We spend a great deal of money in building gymnasiums and in training our youth and young manhood in physical exercises. Our schools, colleges, and technical institutions are for the exercising of the mind.
How little we know about exercising our spirits. The church has never realized that the spirit of man is the foundation of faith—that faith is not the product of sense knowledge begotten of reason.
You see, all the knowledge that we have has come through the senses. There is nothing creative in the senses. The senses merely receive physical facts and transmit them into mental signs.
No school of thought has ever recognized that man is a spirit, and that the fountain of all creative ability is in his spirit. We know now that no people ever became inventors or creators, great scientists, or great musicians until that nation has received eternal life, the nature of God.
THE RECREATED SPIRIT
That nature of God doesn’t come into man’s reasoning faculties. It comes into man’s spirit. Man’s spirit is the fountain, then, of all man’s creative and inventive ability.
We ought to learn how to cultivate this recreated human spirit. Spiritualists and mediums have cultivated the un-recreated human spirit and turned it over to the devil to be educated, and they perform prodigious and miraculous things. The séances are spiritual, but they are never the product of the recreated human spirit. They are the product of a demon-possessed and controlled human spirit.
The recreated human spirit contacts divine ability and resources. It isn’t only the fountain of creative energy and ability, but it is the fountain of faith. How little we have appreciated the fact that the faith that Jesus exercised and that the church has demonstrated down through the ages, is the product of the recreated human spirit.

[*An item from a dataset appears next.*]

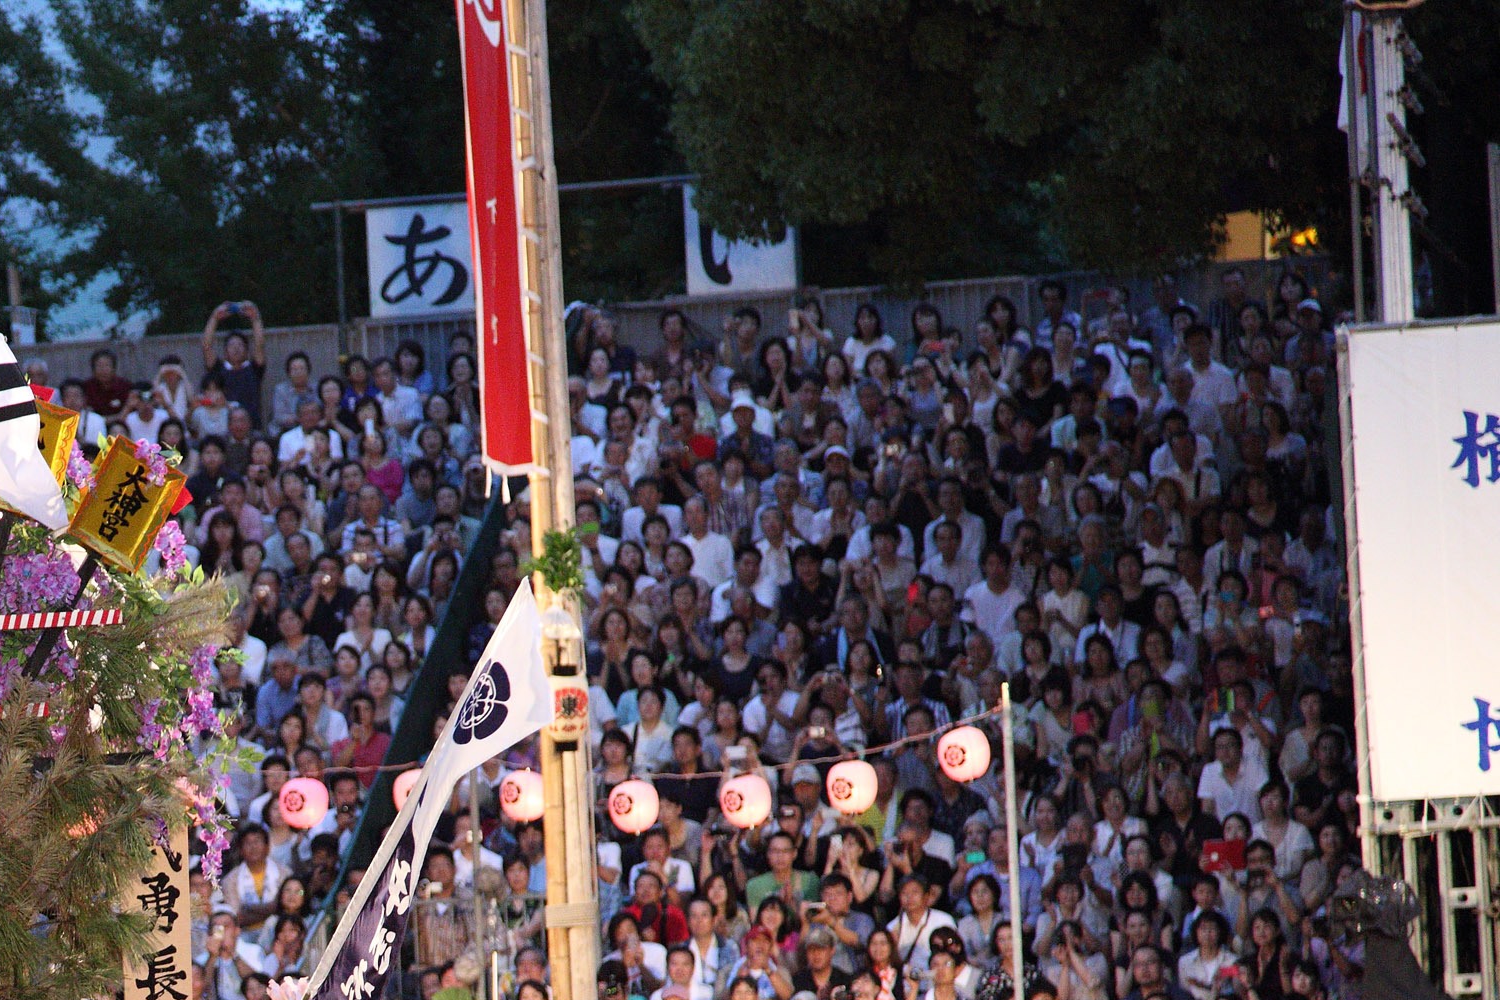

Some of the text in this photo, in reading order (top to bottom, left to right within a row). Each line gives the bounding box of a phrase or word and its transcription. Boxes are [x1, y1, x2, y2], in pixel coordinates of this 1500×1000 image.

[381, 212, 469, 306] あ
[98, 465, 150, 542] 大神宮

You see, God is a faith God and He imparts His faith nature to man in the new creation. If man could only learn how to develop his recreated spirit, he would develop his faith capacity and faith ability. You see, faith has given birth to all the great achievements of man.

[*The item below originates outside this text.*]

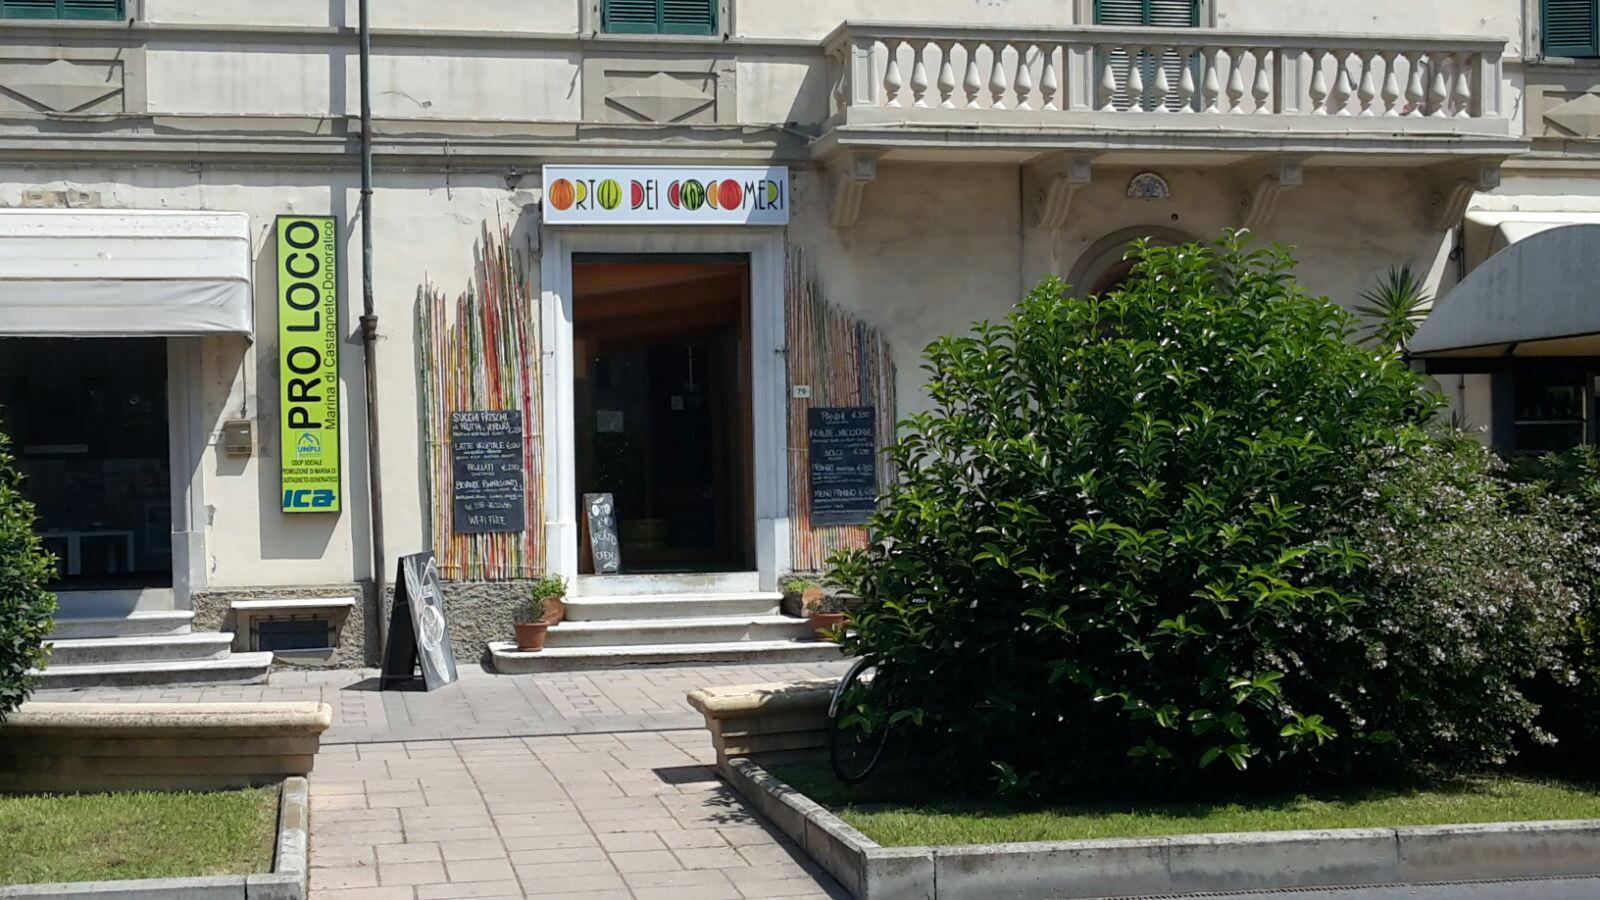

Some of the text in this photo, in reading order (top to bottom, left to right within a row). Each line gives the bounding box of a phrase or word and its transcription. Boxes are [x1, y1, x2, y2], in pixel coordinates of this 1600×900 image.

[549, 178, 784, 211] ORTO DEI COCOMERI
[285, 221, 321, 332] LOCO
[322, 221, 336, 430] Marina di Castagneto-Donoratico
[286, 346, 322, 429] PRO

The great achievements of our modern man are the product of eternal life in the spirit of man. One of the amazing things is that the children of men and women who have received eternal life carry with them as a prenatal gift the divine ability, the latent ability, the creative ability of God. The sons of clergymen and of outstanding Christians have been the great leaders of all the great moral, intellectual, and spiritual forces of our nation.
But the recreated human spirit not only produces creative ability and faith, but it is the source of love. “Love is shed abroad in our hearts by the Holy Spirit” (see Romans 5:5). It is the fountain out of which this new kind of love springs. We have learned that natural man in the heathen state, where he hasn’t contacted Christianity, has no love. He has sexual attraction, and he has the same care for his children that wild animals have for their offspring until they are able to care for themselves, but he does not love. He has no sense of relationship.
You remember that David didn’t raise his own children. They were put out among the leaders of Israel.
Eternal life has been given to man. With it comes a new kind of love, and that new kind of love has affected his children. There is hardly a family of recreated people who haven’t had in their ancestry men and women who had received eternal life.
The modern divorce court unveils the utter selfishness of natural man.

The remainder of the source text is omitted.